Organic food processor Purity Organic, Inc, has acquired Dunn’s River Brands Group, Inc. Terms of the transaction were not disclosed. Dunn’s River Brands is a beverage processor that owns such brands as Sweet Leaf Tea and Tradewinds Beverage Co. Sweet Leaf Tea is an organic iced tea brand. Tradewinds Beverages is a maker of slowed brewed iced teas that are sold in 64-oz packages and have a strong market position in the Great Lakes region of the United States.

 

Home & Road

Fast-growing home decor chain raises earnings, sales outlook

At Home expects to end its fiscal year on a high note. The home decor retailer last week increased its fourth-quarter earnings and sales outlook. For the quarter, ending Jan. 25, the company expects its net sales to land on the high end of its $385.0 million to $393.0 million estimation. The company also raised its earnings outlook to $0.33 to $0.36 from prior guidance of $0.31 to $0.36. Analysts are expecting $0.33, according to Marketwatch. For the year, At Home expects same-store sales to hit the high end of its previously provided outlook of $1.35 billion to $1.36 billion. The company also increased its earnings for the year to $0.53 to $0.56 from its prior estimate of $0.51 to $0.56. “We are pleased with the improved performance of our business and remain on track to exit the fiscal year with a healthy inventory position and significant improvement in annual free cash flow,” said Lee Bird, chairman and CEO, At Home.

Ikea to open ‘city centre’ concept in London

Ikea’s $5.8 billion initiative to open smaller format “city centre” stores to get closer to shoppers in dense urban areas is landing in London. Ingka Centres, Ikea’s retail real estate arm, has purchased Kings Mall Shopping Centre in the Hammersmith neighborhood of West London for $220 million and will install its new concept there along with co-tenants. Ingka last year announced its plan to place city centre stores in 30 major cities in Europe, Russia, Asia, North America, and Oceania. Most will be placed in mixed-use community destinations that could include retail and entertainment, as well as health care and educational facilities. Ikea began building city centres in China last year. The Hammersmith location will be its first in England. Ingka Centres operates 45 malls and shopping centers in Europe, Russia, and China that it claims draws 480 million visitors annually. Its plan is to grow to 70 locations hosting 1 billion visitors by 2025.

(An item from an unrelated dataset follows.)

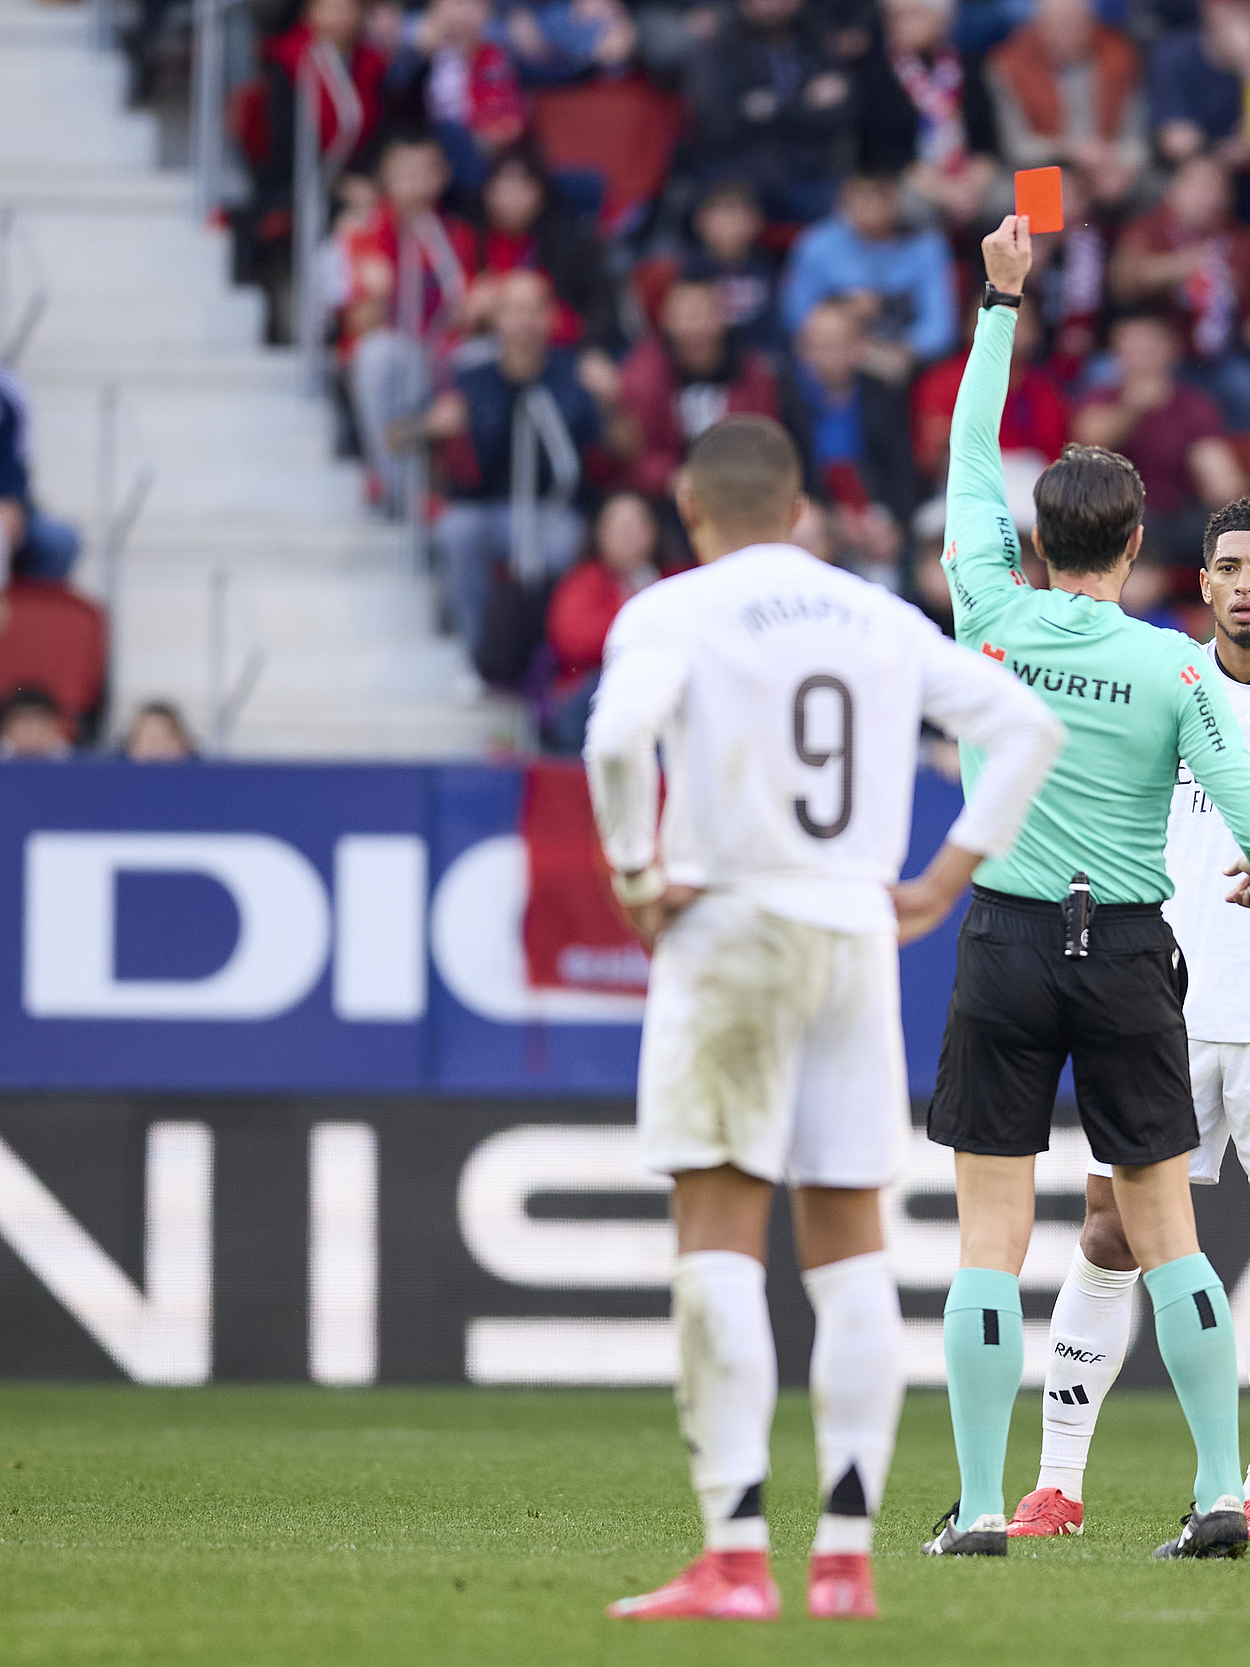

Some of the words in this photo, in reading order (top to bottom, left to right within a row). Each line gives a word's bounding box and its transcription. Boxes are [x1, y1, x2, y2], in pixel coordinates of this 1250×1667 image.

Canadian RTA specialist Bestar acquires Bush Inds.

As part of a plan to strengthen the distribution of both brands across North America, Canadian RTA furniture manufacturer Bestar has acquired RTA specialist Bush Inds. from Lorraine Capital of Buffalo, N.Y., the companies announced jointly on Tuesday. Bestar is a division of Novacap, one of Canada’s leading private equity firms. It was founded in 1948, and Bush Inds. was founded in 1959, giving the companies a combined 133 years of experience. While officials did not reveal a purchase price, they said that the deal is supported by Desjardins Capital and Fonds de solidarité, which are becoming shareholders in the combined Bestar-Bush company. Officials also noted the purchase will create an organization with combined sales of about $200 million and a combined work force of more than 600, more than 200 of which are in Canada. A major focus for the companies moving forward will be to boost the e-commerce business.

Jewelry & Luxury

Signet’s Holiday Comps Rise, Particularly Online

Signet’s comps grew this holiday—though an increasing amount of its customers weren’t at the mall, but on their couch. The company announced that its 2019 holiday comps rose 1.6%—with online sales climbing an impressive 13.5%, even as brick-and-mortar sales dropped 0.2%. The results, for the nine weeks ending Jan. 4, topped Signet’s prior guidance and led America’s largest jeweler to boost its guidance for the next fiscal year. It now expects that fiscal 2021’s same-store sales will rise 0.1%; it had previously expected them to fall 1%–1.7%.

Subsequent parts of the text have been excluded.